In 1969, the Apollo 11 was the first manned ship to land on the moon (excluding any conspiracy theories) and 10 years before that, the Soviet’s put the first man-made machine on the moon. This time period gave birth to the space race. That’s what everyone thought about and that’s what everyone sold to one another: the future. How many times was something advertized as being part of ‘The World of Tomorrow?’ A lot. The answer to that is a lot. Or a whole lot, whichever you prefer. I’m not the boss of you, you get to pick. You look great by the way, is that a new shirt? Anyways, the point is that during this space race, everyone has their eyes fixed on the future and loved imagining what it would look like, and my goodness it was beautiful.

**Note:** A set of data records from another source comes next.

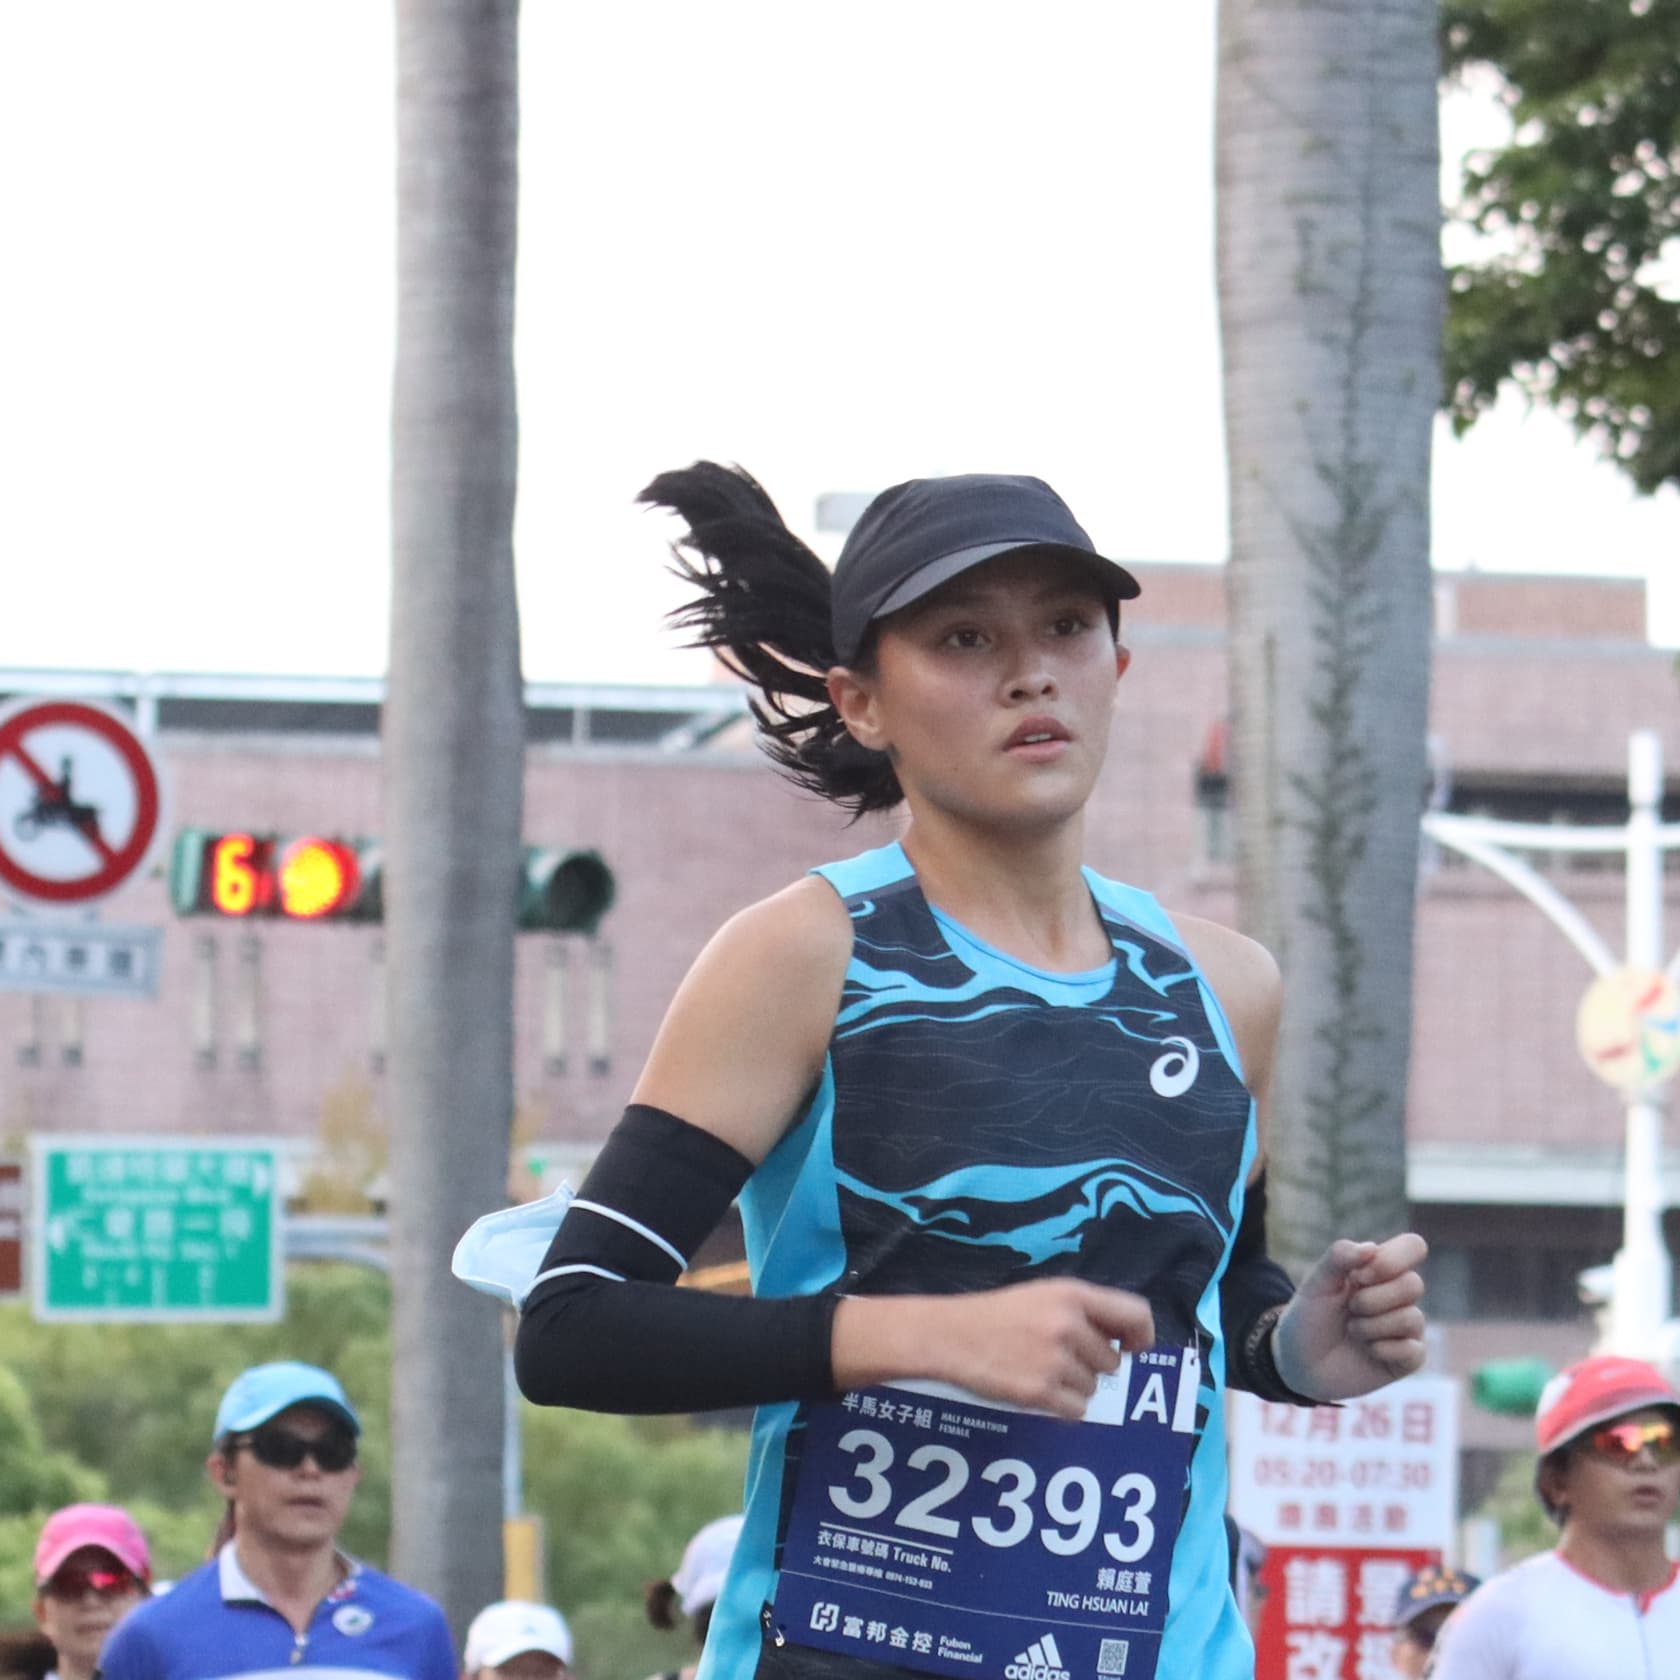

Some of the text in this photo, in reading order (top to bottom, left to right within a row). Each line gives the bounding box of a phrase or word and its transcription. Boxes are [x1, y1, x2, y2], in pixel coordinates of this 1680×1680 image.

[841, 1391, 933, 1430] 半馬女子組
[1130, 1373, 1168, 1424] A
[828, 1429, 1156, 1563] 32393
[892, 1547, 927, 1567] Truck
[930, 1554, 952, 1573] No.
[1096, 1567, 1152, 1595] 賴庭萱
[1046, 1591, 1149, 1616] TING HSUAN LAI
[842, 1616, 933, 1654] 富邦金控
[937, 1646, 984, 1664] Financial

Now, you may be able to say, “Listen man (That’s me. I’m man), the only reason you’re spending so many brain coins on this game story is because you’re a quantum theorist.” And you’d be right, so that’s fine, but I can tell you that this game made everyone think the way I do. All you have to do is watch Bioshock Infinite ending reactions on YouTube and you’ll see what I mean. But what about this game made us think so much?
A possible explanation lies in the fact that all the quantum science in Bioshock Infinite is totally real. Now, the game itself is just a really good game. The combat is lively; Elizabeth is probably the best A.I. I have ever fought alongside of, and the story is told beautiful from start to finish with no pointless immersion side quests to make you forget what game you were playing, but that’s for another article (which you probably don’t need to read because hopefully you’ve played this game and you already know how great and fun it is). The city in the sky, Columbia, levitated by quantum particles is completely legit. Just look up flux-fixing or flux-pinning sometime, it’s awesome. Not only that, the many-worlds theory that the story is based off of, which may be confused with time-travel throughout the game (it’s not quite the same thing), is also a scientifically backed concept. Authored by Hugh Everett and made interesting by Bryce DeWitt (no the name is not a coincidence), the many-worlds theory is essentially a scientific exploration of parallel universes based from the pioneered work of great minds like Einstein, Heisenberg, and all other scientists who were trying to sort out the electron’s atomic identity crisis. A popular example that is talked about that can introduce this concept is known as ‘Schrödinger’s Cat.’ All in all, this is really just tipping my cap (that I’m not actually wearing) to Irrational games for putting in, what was probably, a ridiculous amount of time in to research these concepts. But, what if I didn’t find any of this stuff in the game relevant to me and I only liked the game because it was entertaining?
That’s perfectly fine. I can’t sit here and pretend to know every single person’s experience with this game, and the down-side is, I don’t. This is all speculation in the end but I really do believe there is some truth to all of this. That truth is this was an important game for our society. Sure there were controversial aspects in the game, like racism and religious and industrial oppression, but that’s not the point I’m getting at; this article isn’t really about Bioshock the video game.
The point I’m after, is much like the time of the space race, this game takes a look into the world of tomorrow…in 1912. Never mind that though. These ridiculous sounding concepts are rooted in real science that is going on today. This device is something that makes us think, makes us ponder about what could be and what might be. What makes Bioshock Infinite so great is the fact that it makes us do exactly what is necessary to provide for a better and brighter future; it causes us to explore a place that only you can visit: your mind.